The Flyers will have to wait to find out who they will play in the second round. The most likely opponent for the No. 7 seed is Presidents' Trophy-winning Washington, which leads 3-1 against Montreal.
Philadelphia did its damage despite a relatively low shot total on Martin Brodeur. Giroux, who also assisted on Briere's second of the series, scored his two goals in the second when the Flyers recorded only four shots. They were outshot 18-14 through 40 minutes, yet led 3-0.
The Devils face a disappointing end to a season that showed promise. New Jersey won the Atlantic Division title for the ninth time, reached 100 points for the 12th time in 15 seasons, and qualified for the playoffs for the 13th straight season.
But they are left with a third straight first-round ouster, despite earning the No. 2 seed in the East and finishing 15 points ahead of the Flyers.
"I just don't believe it," Brodeur said. "It's tough to digest. We had a hell of a team here. For whatever reason, we never got to the level we needed to play at in the playoffs. There were more expectations from our club than to fold in five games.
"This is three years in a row we accomplished nothing."
The Devils were booed in the second and third periods and heard chants of "Let's Go Flyers" echo through their building. New Jersey hasn't made it out of the first round since moving from the Meadowlands to the new Prudential Center in 2007. The Devils are 3-7 in postseason home games following the team's relocation to Newark.
"We've put together some pretty good regular seasons to give ourselves these opportunities," Devils captain Jamie Langenbrunner said. "The last few years we [gave] away those opportunities in the first round where we had chances with good teams."
Philadelphia didn't gain its postseason spot until a shootout victory over the New York Rangers on the final day.
The Flyers won the series opener in New Jersey before dropping Game 2. The Flyers took control on home ice when Daniel Carcillo scored the winning goal in overtime, and then put the Devils on the brink of elimination with a 4-1 victory in Game 4 on Tuesday.
Boucher kept the Flyers in the game as he protected a 1-0 lead with a series of spectacular saves against the hard-charging Devils in the first period.
Ilya Kovalchuk, who confidently predicted a Devils victory, tested Boucher in the opening minute with a hard drive that bounced into the slot off the goalie's pad.
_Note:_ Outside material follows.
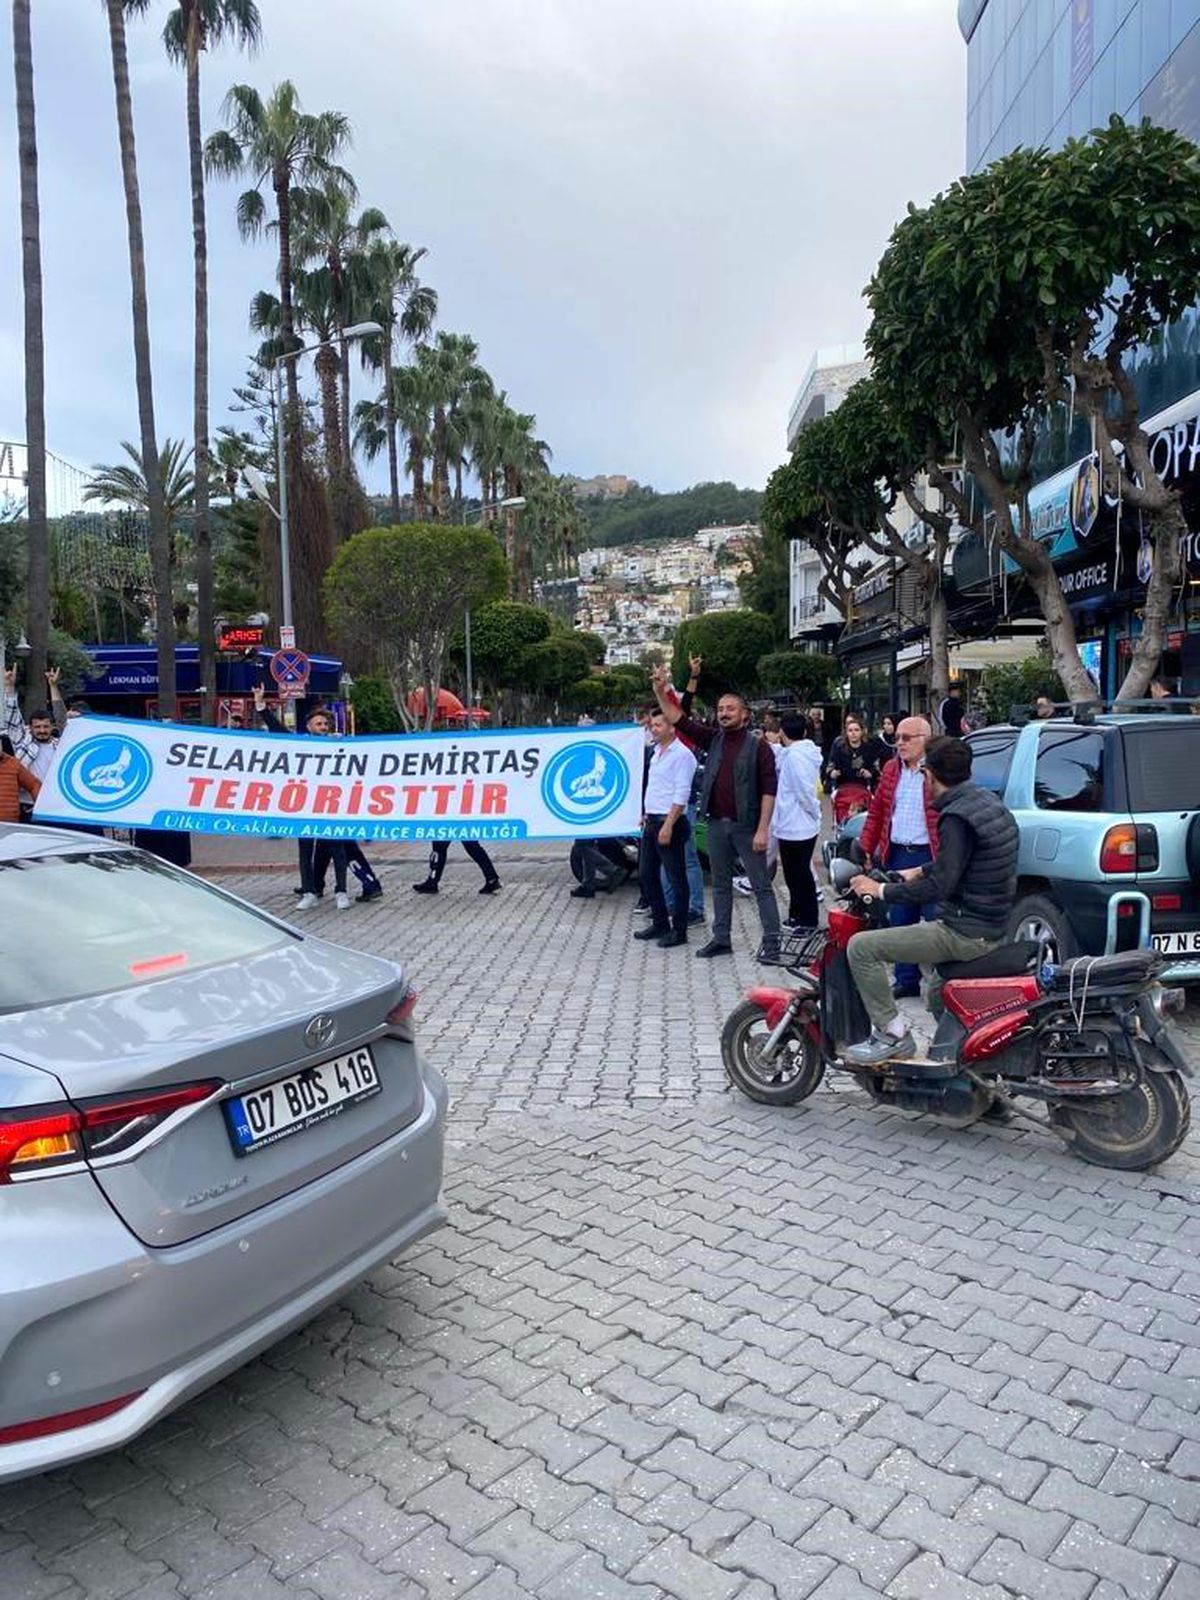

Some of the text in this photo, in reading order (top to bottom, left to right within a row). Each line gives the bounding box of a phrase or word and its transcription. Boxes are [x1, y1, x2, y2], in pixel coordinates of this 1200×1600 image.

Zach Parise whiffed as he attempted a shot off the rebound.
"It's embarrassing," said Kovalchuk, acquired in a midseason trade from Atlanta. "We've got a great team but they just outplayed us, totally. They were missing a couple of guys but were still able to do it. We did not deserve to win."
Boucher heard the first chants of "Boosh" from the partisan Flyers fans, who made the short trip up the New Jersey Turnpike, just after the 10-minute mark following a stop against Martin. Late in the period, Boucher turned aside a dangerous one-timer by David Clarkson and then denied Parise on a partial short-handed breakaway.
While the Devils failed to capitalize on numerous power plays -- some they cut short by taking their own penalties -- Philadelphia made the most of theirs, going 2 for 6 with the advantage.
Giroux made it 2-0 with 8:12 in the second with a drive that bounced in and out of the net in a flash. The goal was confirmed by video replay. He added his second of the night and fourth of the series 1:59 later during a power play off a pass in front by Scott Hartnell.
New Jersey produced three goals during the two games at Philadelphia, all on the power play, but went 0 for 8 in Game 5. The Devils didn't record an even-strength goal in the final three contests.
- The Flyers are 18-2 in series they have led 3-1.
- LW Ville Leino and RW David Laliberte played in the series for the first time for the Flyers in place of Carter and Gagne. Carter is expected to miss the rest of the season. Gagne might return in three weeks.
- Four Devils, including Brodeur, remain from the 2000 Devils team.